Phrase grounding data
************

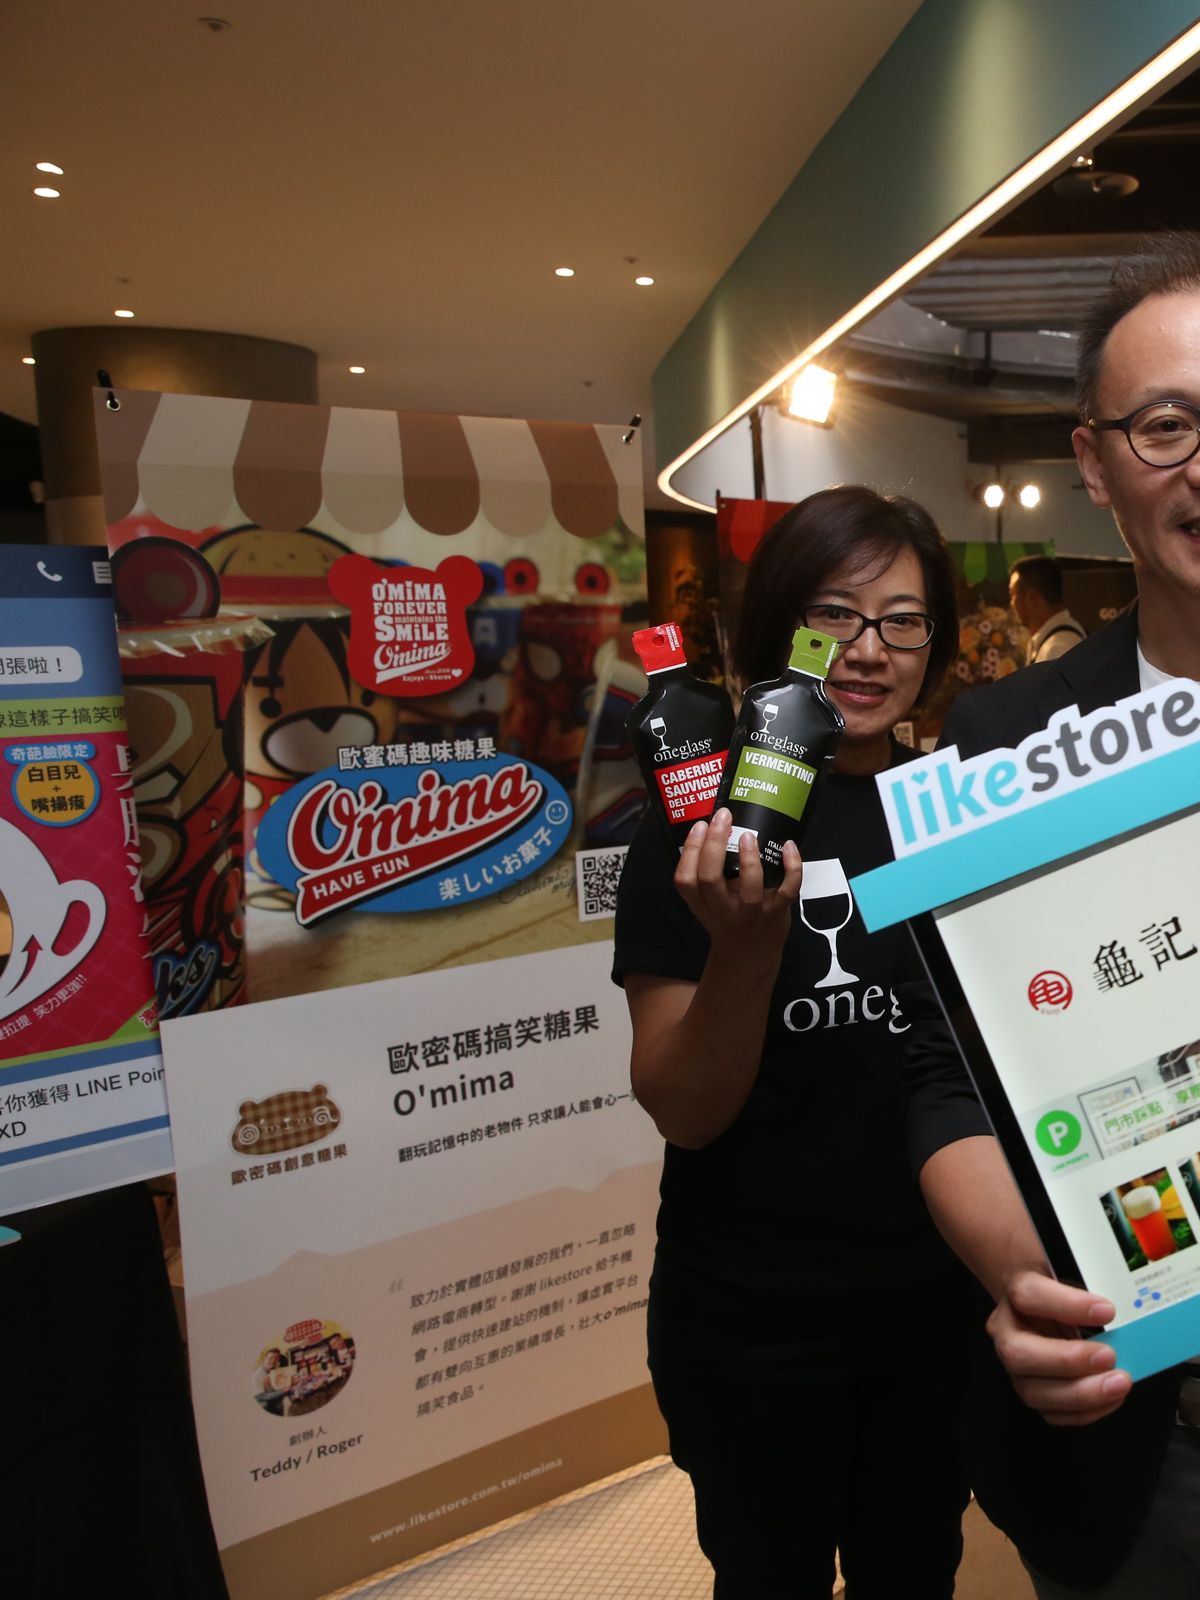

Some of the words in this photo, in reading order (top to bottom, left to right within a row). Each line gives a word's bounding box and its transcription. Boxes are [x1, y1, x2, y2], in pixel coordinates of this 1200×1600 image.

[373, 601, 447, 615] FOREVER
[0, 657, 63, 676] 張啦！
[373, 642, 451, 671] O'mima
[338, 737, 497, 771] 歐蜜碼趣味糖果
[745, 751, 815, 785] VERMENTINO
[28, 764, 81, 783] 白目兒
[661, 758, 723, 785] CABERNET
[738, 776, 779, 795] TOSCANA
[668, 794, 697, 809] DELLE
[734, 787, 750, 798] IGT
[287, 762, 543, 871] O'mima
[671, 808, 686, 819] IGT
[312, 871, 366, 900] HAVE
[372, 855, 411, 880] FUN
[438, 825, 554, 901] 楽しいお菓子
[387, 1004, 600, 1075] 歐密碼搞笑糖果
[0, 1084, 71, 1116] 你獲得
[76, 1075, 123, 1098] LINE
[393, 1070, 515, 1117] O'mima
[398, 1117, 525, 1164] 翻玩記憶中的老物件
[539, 1265, 593, 1291] likestore
[250, 1456, 302, 1482] Teddy
[317, 1433, 364, 1459] Roger
[369, 1457, 564, 1544] www.likestore.com.tw/omima

************

-- Task to complete --
Could the data above be returned in full, exactly, with every image left out?

-- Completed exercise --
Some of the words in this photo, in reading order (top to bottom, left to right within a row). Each line gives a word's bounding box and its transcription. Boxes are [x1, y1, x2, y2], in pixel coordinates of this 1200×1600 image.

[373, 601, 447, 615] FOREVER
[0, 657, 63, 676] 張啦！
[373, 642, 451, 671] O'mima
[338, 737, 497, 771] 歐蜜碼趣味糖果
[745, 751, 815, 785] VERMENTINO
[28, 764, 81, 783] 白目兒
[661, 758, 723, 785] CABERNET
[738, 776, 779, 795] TOSCANA
[668, 794, 697, 809] DELLE
[734, 787, 750, 798] IGT
[287, 762, 543, 871] O'mima
[671, 808, 686, 819] IGT
[312, 871, 366, 900] HAVE
[372, 855, 411, 880] FUN
[438, 825, 554, 901] 楽しいお菓子
[387, 1004, 600, 1075] 歐密碼搞笑糖果
[0, 1084, 71, 1116] 你獲得
[76, 1075, 123, 1098] LINE
[393, 1070, 515, 1117] O'mima
[398, 1117, 525, 1164] 翻玩記憶中的老物件
[539, 1265, 593, 1291] likestore
[250, 1456, 302, 1482] Teddy
[317, 1433, 364, 1459] Roger
[369, 1457, 564, 1544] www.likestore.com.tw/omima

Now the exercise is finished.